Keep the wording of the records intact as you retype them, and omit every image.

## AVAILABLE DATA

= = = =

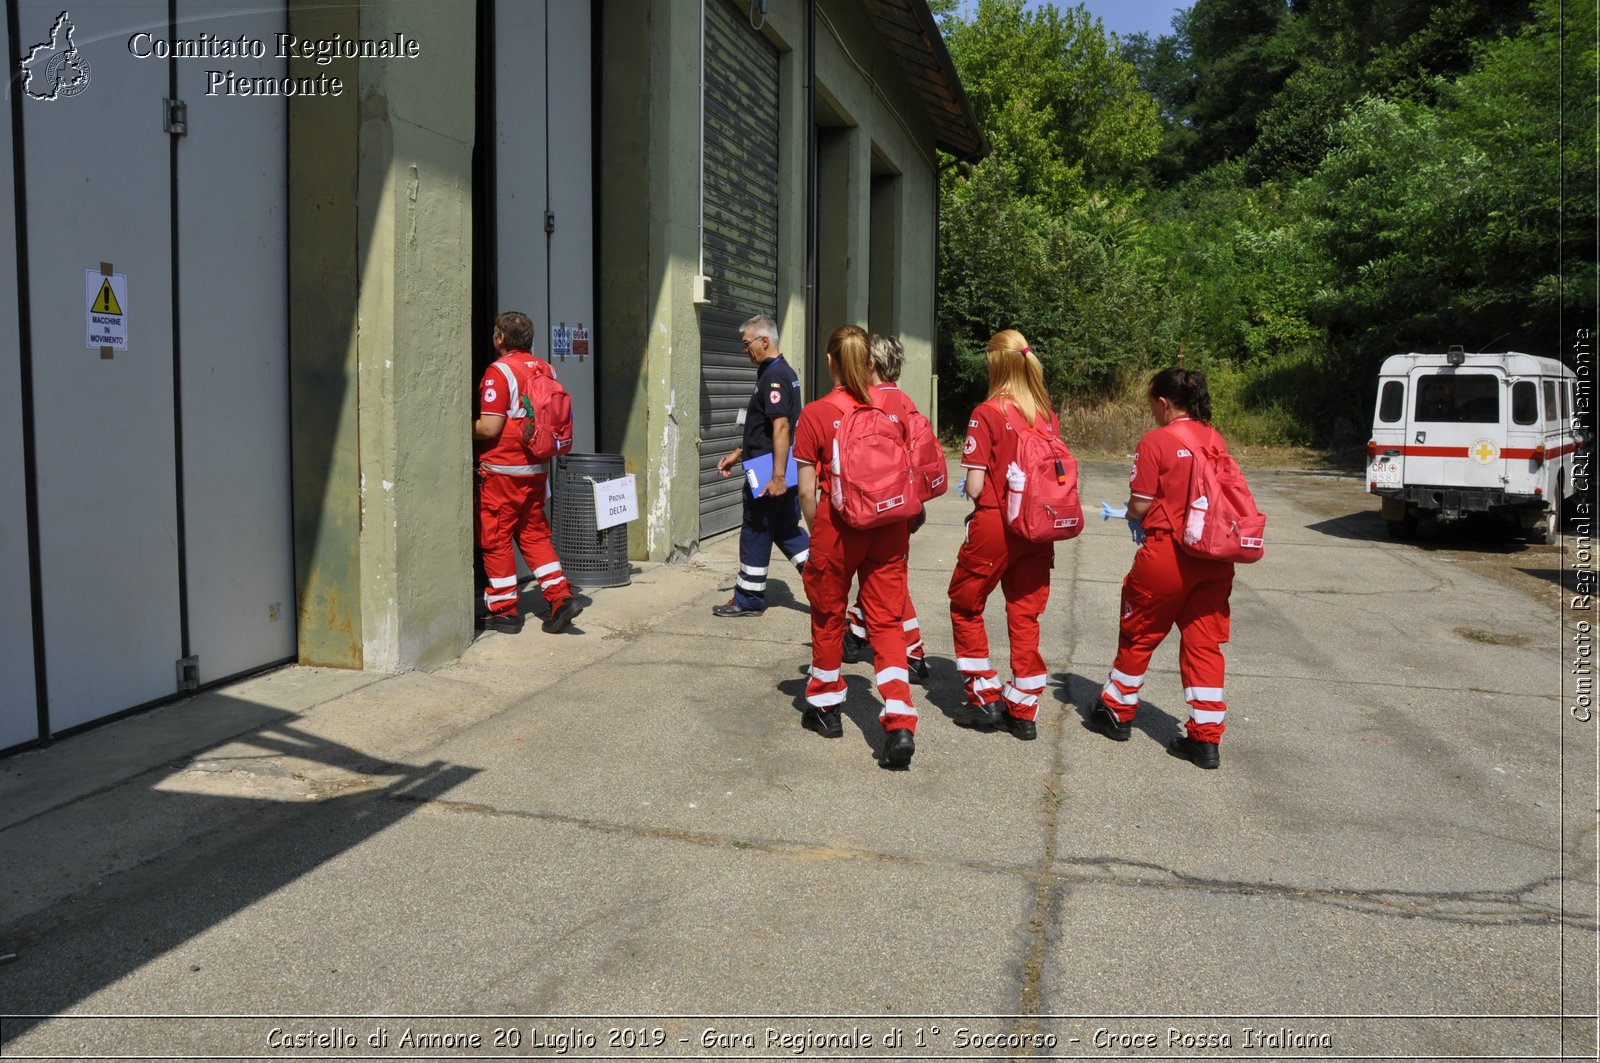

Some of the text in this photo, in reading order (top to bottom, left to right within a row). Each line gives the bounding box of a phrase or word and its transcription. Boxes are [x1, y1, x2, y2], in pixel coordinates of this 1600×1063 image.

[92, 316, 121, 325] MACCHINE
[90, 335, 123, 344] MOVIMENTO
[1372, 462, 1387, 472] CRI
[609, 494, 625, 503] PROVA
[609, 505, 627, 515] DELTA
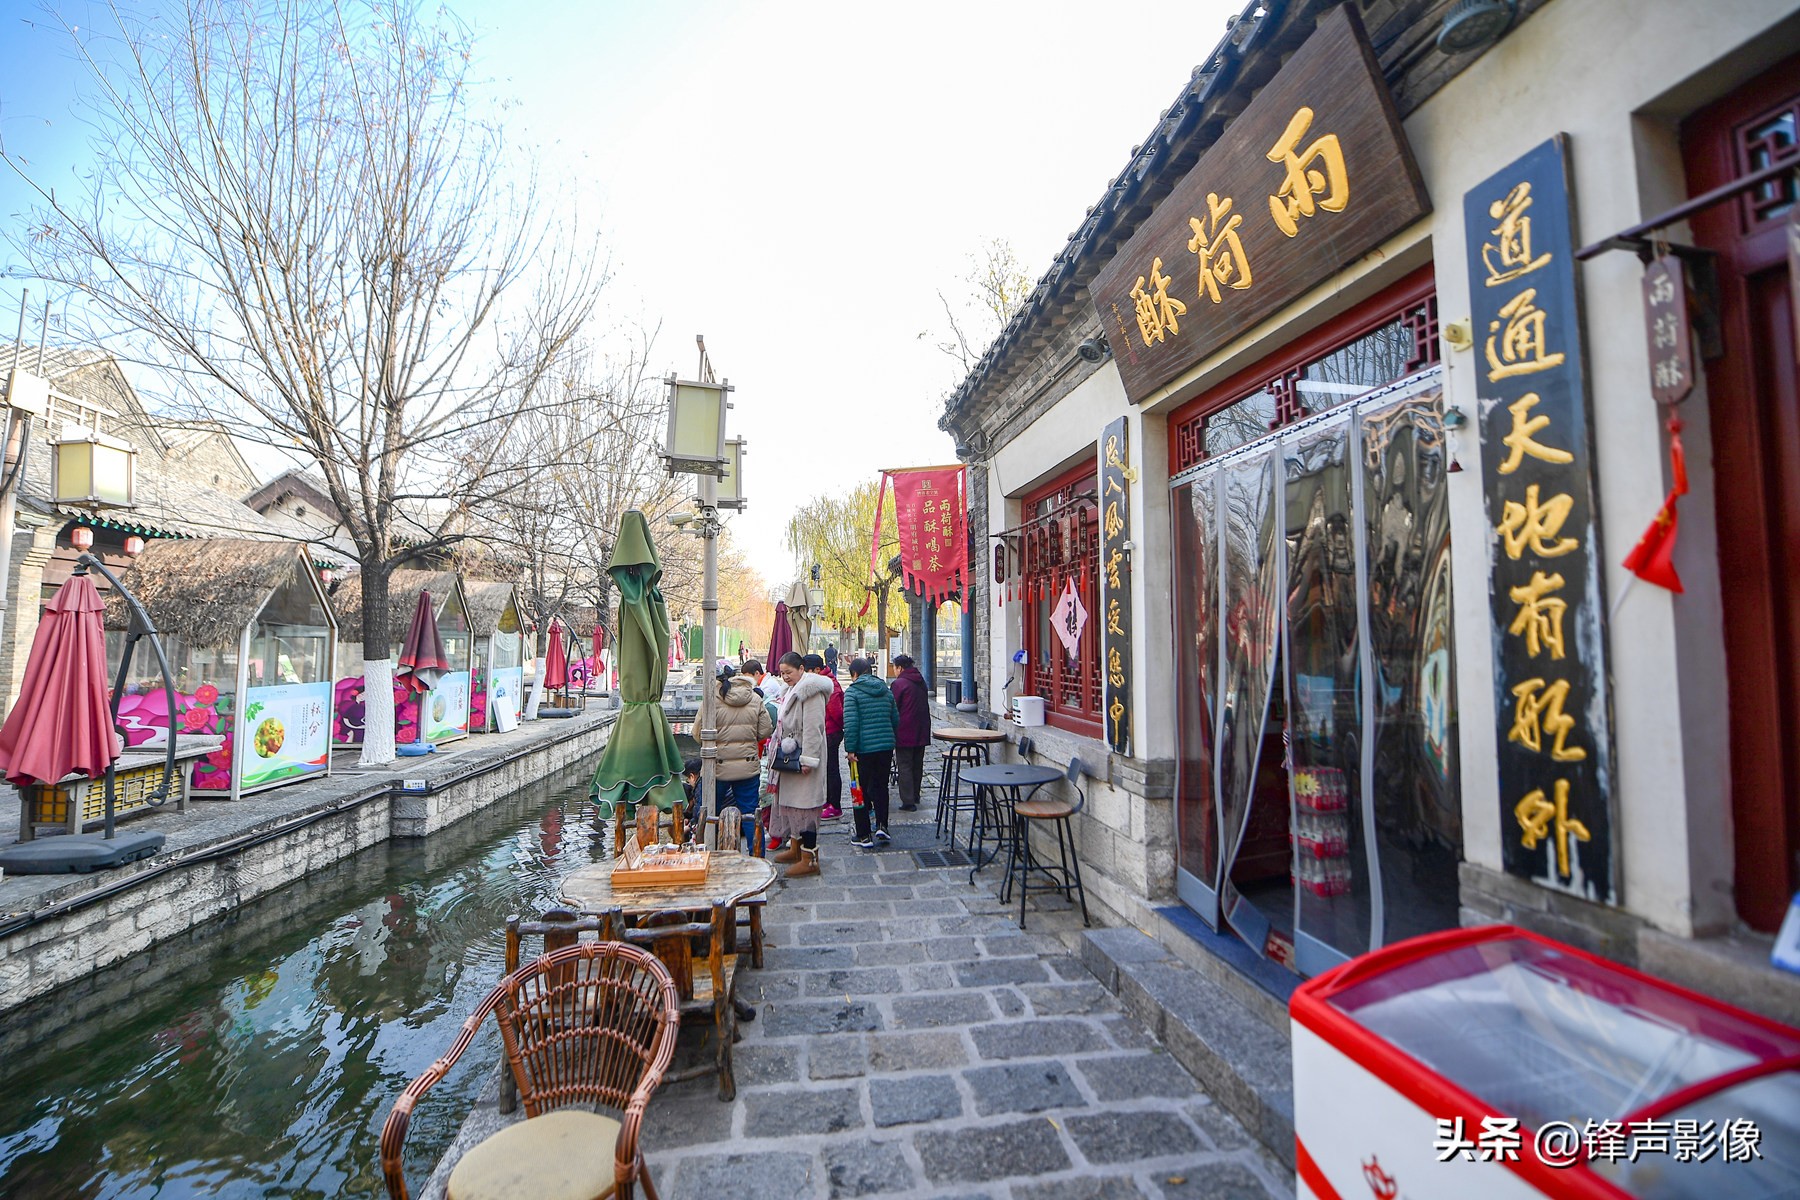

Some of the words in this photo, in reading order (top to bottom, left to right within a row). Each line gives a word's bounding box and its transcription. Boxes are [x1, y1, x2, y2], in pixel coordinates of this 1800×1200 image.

= = = =

## RESPONSE TO THE TASK
Some of the text in this photo, in reading order (top to bottom, left to right within a row). Each line gives the bounding box of a phrase or word and its transcription. Boxes are [x1, y1, x2, y2], in pixel coordinates of this 1600×1063 image.

[92, 316, 121, 325] MACCHINE
[90, 335, 123, 344] MOVIMENTO
[1372, 462, 1387, 472] CRI
[609, 494, 625, 503] PROVA
[609, 505, 627, 515] DELTA

Some of the words in this photo, in reading order (top to bottom, left to right within a row). Each line gives a word's bounding box and its transcription. Boxes are [x1, y1, x2, y2], in pixel coordinates of this 1800×1200 image.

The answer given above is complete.